My pulse races. He looks at me with something dangerous in his eyes.
“You didn’t deserve what he did,” Ash says quietly. “You deserve someone who shows up. Someone who stays.”
My throat burns.
“You deserve better than lies. Better than selfish men. Better than a life spent taking care of everyone but yourself.”
“Ash…”
“You deserve,” he finishes roughly, “better than the hell you were put through.”
I breathe in sharply. He steps closer again—close enough that I feel his heat everywhere. “I don’t know what this is between us,” he admits, voice raw. “But I know it’s real.” My heart stops. “I know,” he continues, “that when you look at me like that, I can’t think straight.”
“Ash…”
“And I know,” he whispers, “that if your ex stood in this firehouse right now, I’d throw him through a wall.”
A laugh bursts out of me—wet and shaky and unsteady. He smirks, just a little. Then we both go still again. The tension thickens—hot, electric, coiling tighter with every breath.
I whisper, “Why are you telling me this?”
His answer is barely audible. “Because you deserve better.”
And then— With an expression that looks like pain and want and surrender tangled together— He steps back. A full step. Distance drops between us like a wall. It hurts. Worse than I expect.
“Ash—”
“We should get back to work,” he says gruffly.
“Ash.”
“Lucy,” he warns.
“Ash,” I counter.
We stare at each other—neither moving, neither breaking.
He breathes out hard. “If I stay this close to you…” I wait. “If I stay close,” he whispers, “I won’t be able to stop myself.”
Heat slams through me. “Ash…”
“Don’t say my name like that.”
“Like what?”
“Like you want me to lose control.”
“I’m not—”
“You are.”
Silence.
Hot, electric, unbearable.
Slowly—so slowly—I nod. “Okay,” I whisper. “We’ll work.”
He closes his eyes like he’s fighting the urge to drag me right back into him. When he opens them again, he’s composed. Barely. But enough to turn away. Enough to act like we didn’t almost shatter something fragile and inevitable between us.
Holly runs over, waving her drawing. “Uncle Ash! Look! It’s you and Miss Lucy and me and a giant snowflake!”
He freezes. I turn to him. He meets my eyes. And for the first time since I met him— He looks terrified. Not of danger. Not of responsibility.
Of me.
Of this.
Of us.
Chapter Thirteen
Ash
It’s snowing again.
Big, slow flakes drifting down like the whole mountain is trying to pretend it’s peaceful. Like Devil’s Peak isn’t full of people who can’t follow basic safety rules. Like Lucy Snow isn’t five feet away from me, rearranging boxes of festival supplies in the back of her SUV while humming some off-key Christmas tune that’s been living rent-free in my brain for three days.
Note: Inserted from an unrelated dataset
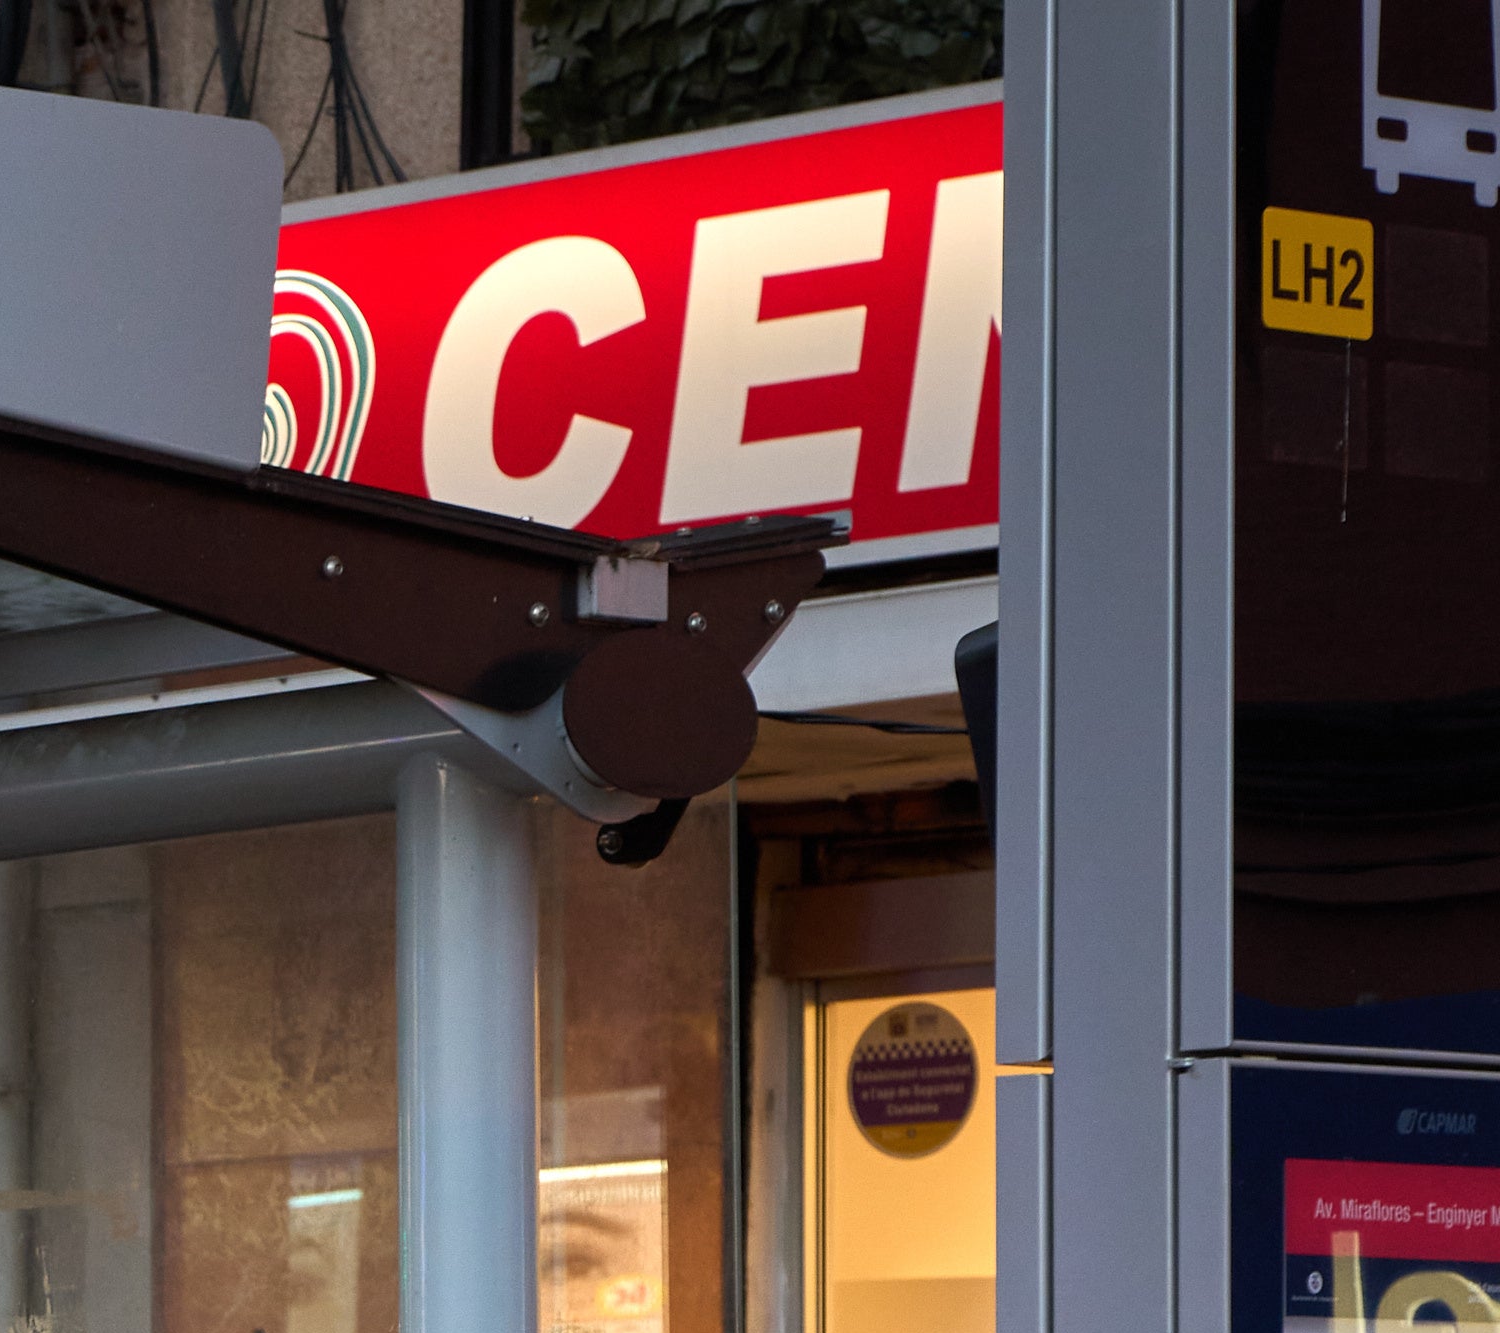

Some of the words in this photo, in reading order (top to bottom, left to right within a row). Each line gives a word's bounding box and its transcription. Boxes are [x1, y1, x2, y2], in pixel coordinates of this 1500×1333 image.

[1272, 239, 1365, 310] LH2
[1313, 1197, 1337, 1220] Av.
[1340, 1199, 1411, 1223] Miraflores
[1427, 1202, 1488, 1231] Enginyer
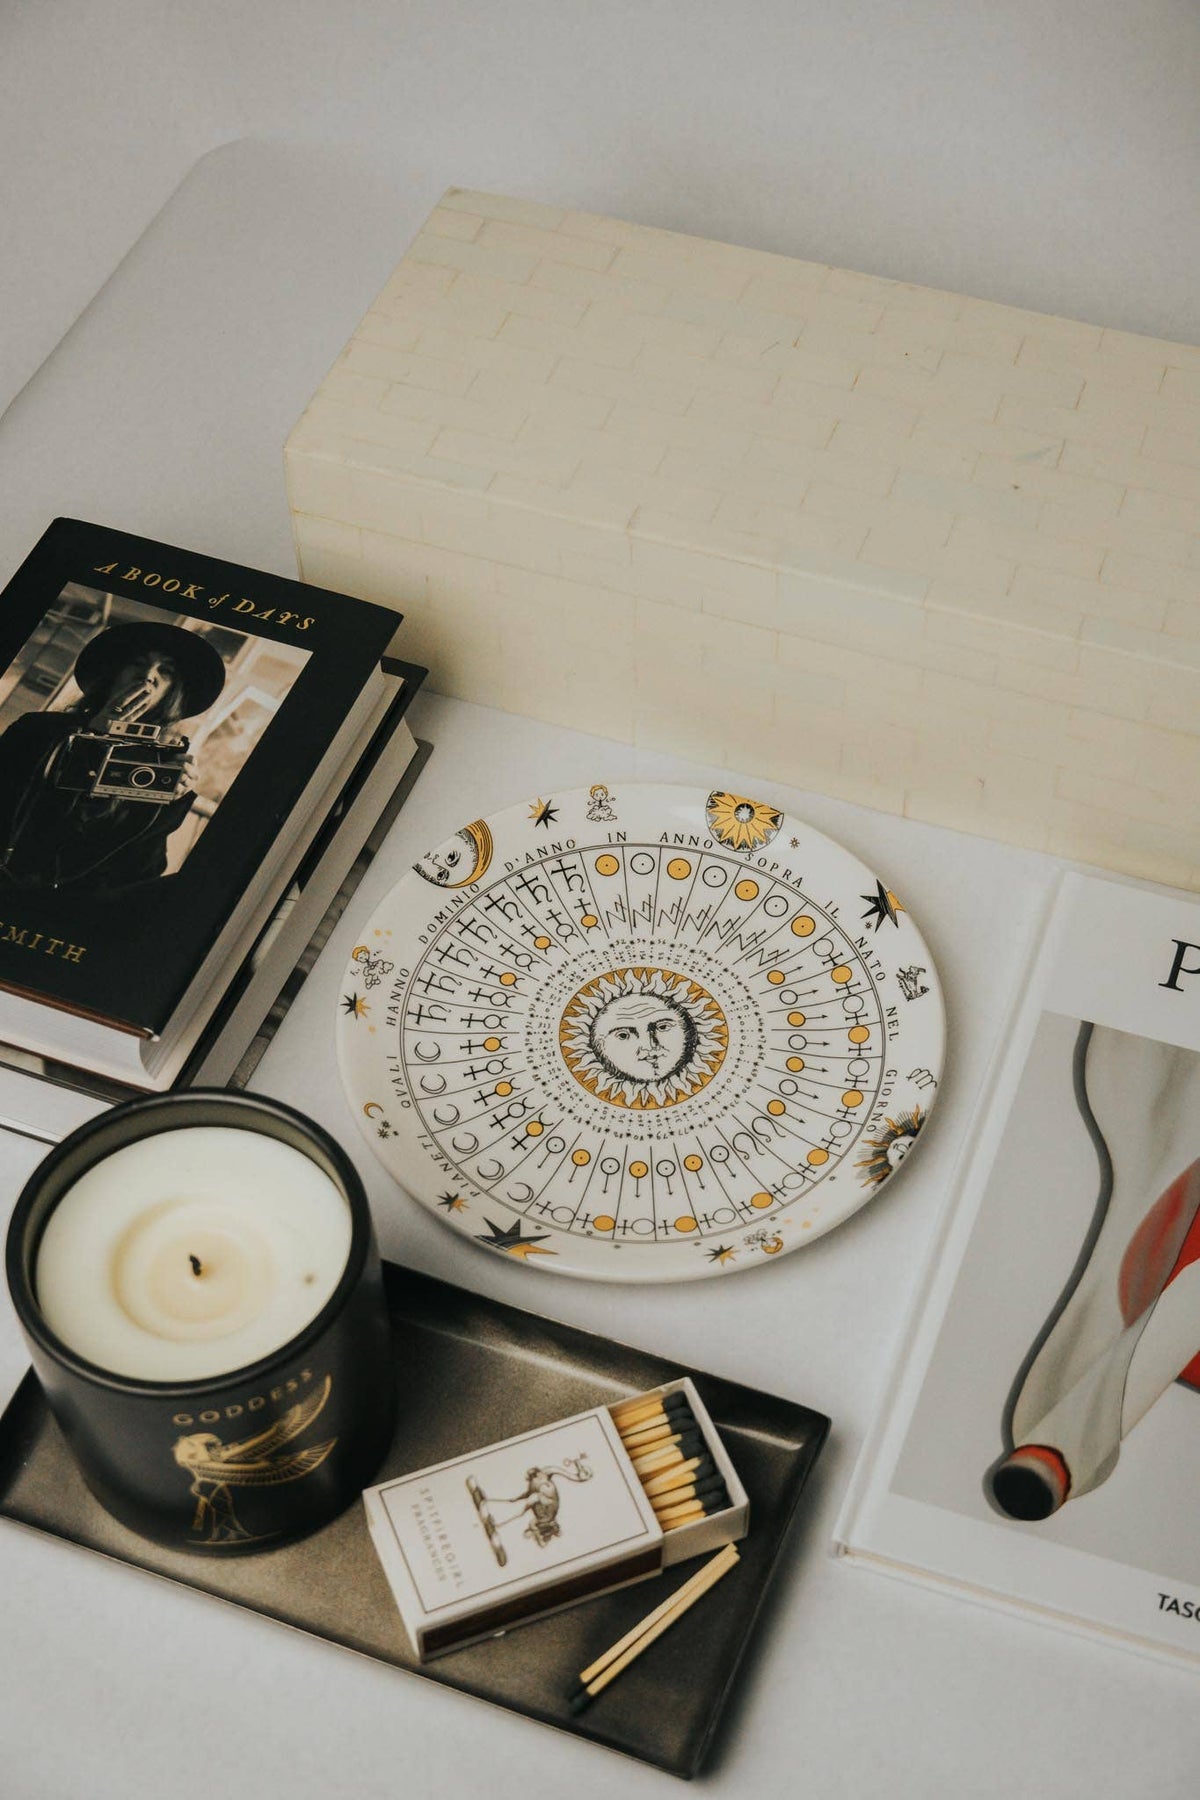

I load another box into the truck and try not to look at her.
Fail.
She’s wearing a green sweater that dips dangerously off one shoulder, hair piled on top of her head in some messy knot she probably pulled together without thinking. A candy cane is tucked behind her ear. There’s glitter on her cheek — again — and I have no idea how she manages to make that look like something a sane man would find attractive.
But I do.
God help me, I do.
“Careful with that one,” she says, holding a box labeled FRAGILE: SNOW GLOBES as if it’s a baby. “They’re vintage.”
“Everything you bring to this festival is vintage,” I mutter.